Why Commission an Assessment?

Plant managers know their facilities. They can tell when utility consumption is suspiciously inconsistent and when it increases without good reason. Of a plant’s two manufacturing lines, for instance, one might gradually begin to devour more power than the others. Noticing that, a plant manager can ask a skilled energy auditor to investigate the cause and suggest solutions.

In these days of high utility costs, it isn’t unusual for corporate officials to order operating divisions to cut energy costs or consumption by a certain percentage.

In that case, an auditor would deal with known power issues while searching out unknown inefficiencies. Then again, a plant manager simply might want an extra pair of eyes to evaluate how the plant uses energy.

Utility company executives of generating plants operating close to capacity are always seeking ideas that can reduce overall demand because they want to avoid the capital spending necessary to construct more generating stations. Recommending an assessment for existing customers is one way to help.

Another consideration important to utilities involves renewable portfolio standards (RPSs).

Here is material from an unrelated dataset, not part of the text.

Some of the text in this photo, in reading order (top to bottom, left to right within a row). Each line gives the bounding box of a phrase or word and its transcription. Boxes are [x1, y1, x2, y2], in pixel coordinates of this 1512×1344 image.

Twenty-eight states have passed RPS legislation requiring utilities to generate from renewable resources a percentage of the power they sell. RPS percentages vary by state from 4 to 30 percent.

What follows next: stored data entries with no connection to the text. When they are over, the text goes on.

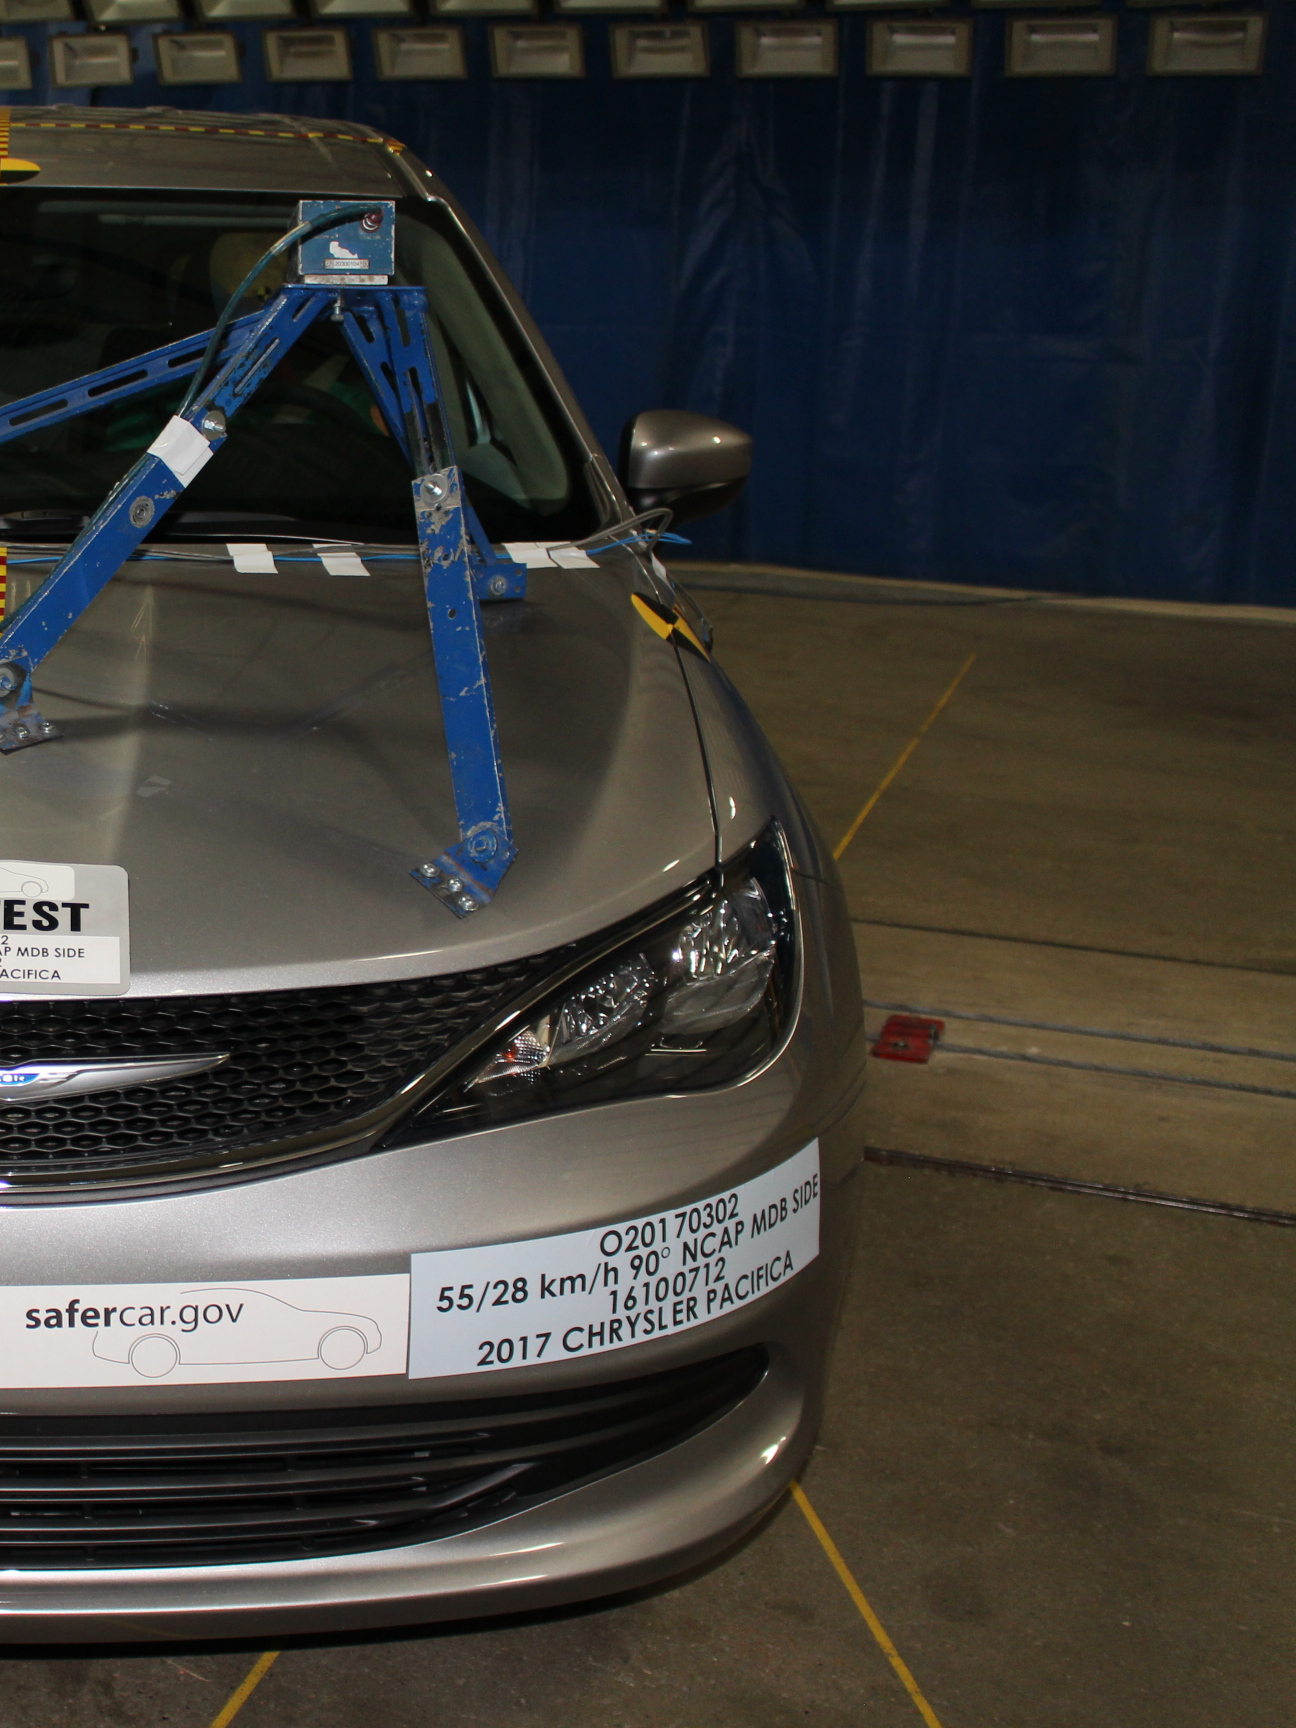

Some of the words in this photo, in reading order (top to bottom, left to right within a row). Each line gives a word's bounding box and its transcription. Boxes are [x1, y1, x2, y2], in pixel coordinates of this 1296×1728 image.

[16, 947, 50, 958] MDB
[53, 947, 85, 959] SIDE
[436, 1276, 529, 1314] 55/28
[540, 1262, 619, 1300] km/h
[682, 1219, 745, 1267] NCAP
[750, 1196, 789, 1240] MDB
[792, 1172, 820, 1214] SIDE
[599, 1192, 740, 1257] O20170302
[25, 1298, 245, 1333] safercar.gov
[476, 1332, 553, 1367] 2017
[562, 1295, 699, 1353] CHRYSLER
[706, 1249, 795, 1316] PACIFICA
[608, 1256, 727, 1316] 16100712

Sometimes manufacturing plants use renewable power to supplement their electricity or natural gas use. Available sources of renewable power include solar, wind and landfill-generated methane gas. When manufacturers choose renewables, local utilities sometimes are able to count that power toward their RPS goals.

What to Expect From an Assessment

A power and energy assessment is an organized energy audit performed by at least one engineer familiar with different manufacturing plants, their energy needs and inefficiencies. The engineering team first meets with the plant manager to discuss goals:

  • Is there a particular energy problem to look for?
  • Have company officials mandated some level of energy savings?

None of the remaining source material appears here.